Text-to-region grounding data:
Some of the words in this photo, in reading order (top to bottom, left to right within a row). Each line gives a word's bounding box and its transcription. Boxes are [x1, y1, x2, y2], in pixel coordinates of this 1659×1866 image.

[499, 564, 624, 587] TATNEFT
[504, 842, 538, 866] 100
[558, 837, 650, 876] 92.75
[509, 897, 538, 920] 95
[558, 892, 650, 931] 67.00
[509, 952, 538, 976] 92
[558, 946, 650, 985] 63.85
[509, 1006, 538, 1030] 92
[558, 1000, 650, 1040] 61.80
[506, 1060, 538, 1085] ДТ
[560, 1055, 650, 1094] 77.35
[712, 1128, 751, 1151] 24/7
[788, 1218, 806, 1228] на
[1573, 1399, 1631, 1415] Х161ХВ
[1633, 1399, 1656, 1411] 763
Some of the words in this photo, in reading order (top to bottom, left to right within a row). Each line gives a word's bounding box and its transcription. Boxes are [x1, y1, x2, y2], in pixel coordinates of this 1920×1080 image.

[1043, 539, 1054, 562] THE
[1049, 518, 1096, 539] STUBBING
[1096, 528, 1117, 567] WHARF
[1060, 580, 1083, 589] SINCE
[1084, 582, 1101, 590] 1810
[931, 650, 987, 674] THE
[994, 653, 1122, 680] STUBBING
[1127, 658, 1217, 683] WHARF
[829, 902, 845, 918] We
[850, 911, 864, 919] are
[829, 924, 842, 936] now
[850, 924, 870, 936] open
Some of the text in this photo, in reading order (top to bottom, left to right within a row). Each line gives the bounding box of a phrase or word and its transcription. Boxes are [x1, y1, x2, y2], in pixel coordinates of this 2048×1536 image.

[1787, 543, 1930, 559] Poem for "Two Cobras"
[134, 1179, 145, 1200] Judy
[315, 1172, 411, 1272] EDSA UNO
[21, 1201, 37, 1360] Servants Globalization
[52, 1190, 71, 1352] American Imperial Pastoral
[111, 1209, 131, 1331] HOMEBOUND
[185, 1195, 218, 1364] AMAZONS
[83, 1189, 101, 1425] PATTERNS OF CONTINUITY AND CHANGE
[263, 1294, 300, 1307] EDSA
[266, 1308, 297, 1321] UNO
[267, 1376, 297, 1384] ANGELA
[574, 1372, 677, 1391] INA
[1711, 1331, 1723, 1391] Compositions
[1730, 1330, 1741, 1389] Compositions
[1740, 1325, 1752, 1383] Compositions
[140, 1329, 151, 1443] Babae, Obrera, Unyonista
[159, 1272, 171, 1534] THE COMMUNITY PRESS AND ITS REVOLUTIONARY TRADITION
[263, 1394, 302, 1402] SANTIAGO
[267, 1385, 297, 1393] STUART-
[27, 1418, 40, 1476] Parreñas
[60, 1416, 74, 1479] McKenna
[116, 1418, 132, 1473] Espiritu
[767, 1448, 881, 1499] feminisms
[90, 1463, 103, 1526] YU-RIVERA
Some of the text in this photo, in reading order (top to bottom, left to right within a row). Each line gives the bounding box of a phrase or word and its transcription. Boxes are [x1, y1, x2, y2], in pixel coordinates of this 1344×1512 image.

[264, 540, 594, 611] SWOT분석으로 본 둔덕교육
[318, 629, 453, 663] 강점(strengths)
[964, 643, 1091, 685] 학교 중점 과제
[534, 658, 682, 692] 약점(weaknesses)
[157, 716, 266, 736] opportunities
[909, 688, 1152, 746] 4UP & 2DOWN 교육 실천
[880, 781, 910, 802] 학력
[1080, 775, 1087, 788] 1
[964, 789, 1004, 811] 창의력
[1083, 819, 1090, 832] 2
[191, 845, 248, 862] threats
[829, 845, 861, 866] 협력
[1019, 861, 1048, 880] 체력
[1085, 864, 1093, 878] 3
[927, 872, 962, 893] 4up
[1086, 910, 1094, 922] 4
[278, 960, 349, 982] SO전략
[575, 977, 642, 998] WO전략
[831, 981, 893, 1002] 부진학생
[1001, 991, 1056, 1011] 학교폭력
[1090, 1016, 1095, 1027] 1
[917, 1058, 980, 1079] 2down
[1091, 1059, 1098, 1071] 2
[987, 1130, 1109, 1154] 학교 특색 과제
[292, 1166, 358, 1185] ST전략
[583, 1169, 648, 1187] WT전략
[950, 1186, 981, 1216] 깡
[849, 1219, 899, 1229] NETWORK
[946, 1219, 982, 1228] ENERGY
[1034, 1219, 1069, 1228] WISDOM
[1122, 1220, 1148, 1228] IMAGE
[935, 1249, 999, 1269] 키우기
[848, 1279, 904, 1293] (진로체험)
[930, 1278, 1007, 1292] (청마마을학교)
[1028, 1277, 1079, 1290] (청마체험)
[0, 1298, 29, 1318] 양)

WORK TO COMPLETE: The records above must be restated. Preserve every word.

ANSWER TO THIS PROBLEM:
Some of the words in this photo, in reading order (top to bottom, left to right within a row). Each line gives a word's bounding box and its transcription. Boxes are [x1, y1, x2, y2], in pixel coordinates of this 1659×1866 image.

[499, 564, 624, 587] TATNEFT
[504, 842, 538, 866] 100
[558, 837, 650, 876] 92.75
[509, 897, 538, 920] 95
[558, 892, 650, 931] 67.00
[509, 952, 538, 976] 92
[558, 946, 650, 985] 63.85
[509, 1006, 538, 1030] 92
[558, 1000, 650, 1040] 61.80
[506, 1060, 538, 1085] ДТ
[560, 1055, 650, 1094] 77.35
[712, 1128, 751, 1151] 24/7
[788, 1218, 806, 1228] на
[1573, 1399, 1631, 1415] Х161ХВ
[1633, 1399, 1656, 1411] 763
Some of the words in this photo, in reading order (top to bottom, left to right within a row). Each line gives a word's bounding box and its transcription. Boxes are [x1, y1, x2, y2], in pixel coordinates of this 1920×1080 image.

[1043, 539, 1054, 562] THE
[1049, 518, 1096, 539] STUBBING
[1096, 528, 1117, 567] WHARF
[1060, 580, 1083, 589] SINCE
[1084, 582, 1101, 590] 1810
[931, 650, 987, 674] THE
[994, 653, 1122, 680] STUBBING
[1127, 658, 1217, 683] WHARF
[829, 902, 845, 918] We
[850, 911, 864, 919] are
[829, 924, 842, 936] now
[850, 924, 870, 936] open
Some of the text in this photo, in reading order (top to bottom, left to right within a row). Each line gives the bounding box of a phrase or word and its transcription. Boxes are [x1, y1, x2, y2], in pixel coordinates of this 2048×1536 image.

[1787, 543, 1930, 559] Poem for "Two Cobras"
[134, 1179, 145, 1200] Judy
[315, 1172, 411, 1272] EDSA UNO
[21, 1201, 37, 1360] Servants Globalization
[52, 1190, 71, 1352] American Imperial Pastoral
[111, 1209, 131, 1331] HOMEBOUND
[185, 1195, 218, 1364] AMAZONS
[83, 1189, 101, 1425] PATTERNS OF CONTINUITY AND CHANGE
[263, 1294, 300, 1307] EDSA
[266, 1308, 297, 1321] UNO
[267, 1376, 297, 1384] ANGELA
[574, 1372, 677, 1391] INA
[1711, 1331, 1723, 1391] Compositions
[1730, 1330, 1741, 1389] Compositions
[1740, 1325, 1752, 1383] Compositions
[140, 1329, 151, 1443] Babae, Obrera, Unyonista
[159, 1272, 171, 1534] THE COMMUNITY PRESS AND ITS REVOLUTIONARY TRADITION
[263, 1394, 302, 1402] SANTIAGO
[267, 1385, 297, 1393] STUART-
[27, 1418, 40, 1476] Parreñas
[60, 1416, 74, 1479] McKenna
[116, 1418, 132, 1473] Espiritu
[767, 1448, 881, 1499] feminisms
[90, 1463, 103, 1526] YU-RIVERA
Some of the text in this photo, in reading order (top to bottom, left to right within a row). Each line gives the bounding box of a phrase or word and its transcription. Boxes are [x1, y1, x2, y2], in pixel coordinates of this 1344×1512 image.

[264, 540, 594, 611] SWOT분석으로 본 둔덕교육
[318, 629, 453, 663] 강점(strengths)
[964, 643, 1091, 685] 학교 중점 과제
[534, 658, 682, 692] 약점(weaknesses)
[157, 716, 266, 736] opportunities
[909, 688, 1152, 746] 4UP & 2DOWN 교육 실천
[880, 781, 910, 802] 학력
[1080, 775, 1087, 788] 1
[964, 789, 1004, 811] 창의력
[1083, 819, 1090, 832] 2
[191, 845, 248, 862] threats
[829, 845, 861, 866] 협력
[1019, 861, 1048, 880] 체력
[1085, 864, 1093, 878] 3
[927, 872, 962, 893] 4up
[1086, 910, 1094, 922] 4
[278, 960, 349, 982] SO전략
[575, 977, 642, 998] WO전략
[831, 981, 893, 1002] 부진학생
[1001, 991, 1056, 1011] 학교폭력
[1090, 1016, 1095, 1027] 1
[917, 1058, 980, 1079] 2down
[1091, 1059, 1098, 1071] 2
[987, 1130, 1109, 1154] 학교 특색 과제
[292, 1166, 358, 1185] ST전략
[583, 1169, 648, 1187] WT전략
[950, 1186, 981, 1216] 깡
[849, 1219, 899, 1229] NETWORK
[946, 1219, 982, 1228] ENERGY
[1034, 1219, 1069, 1228] WISDOM
[1122, 1220, 1148, 1228] IMAGE
[935, 1249, 999, 1269] 키우기
[848, 1279, 904, 1293] (진로체험)
[930, 1278, 1007, 1292] (청마마을학교)
[1028, 1277, 1079, 1290] (청마체험)
[0, 1298, 29, 1318] 양)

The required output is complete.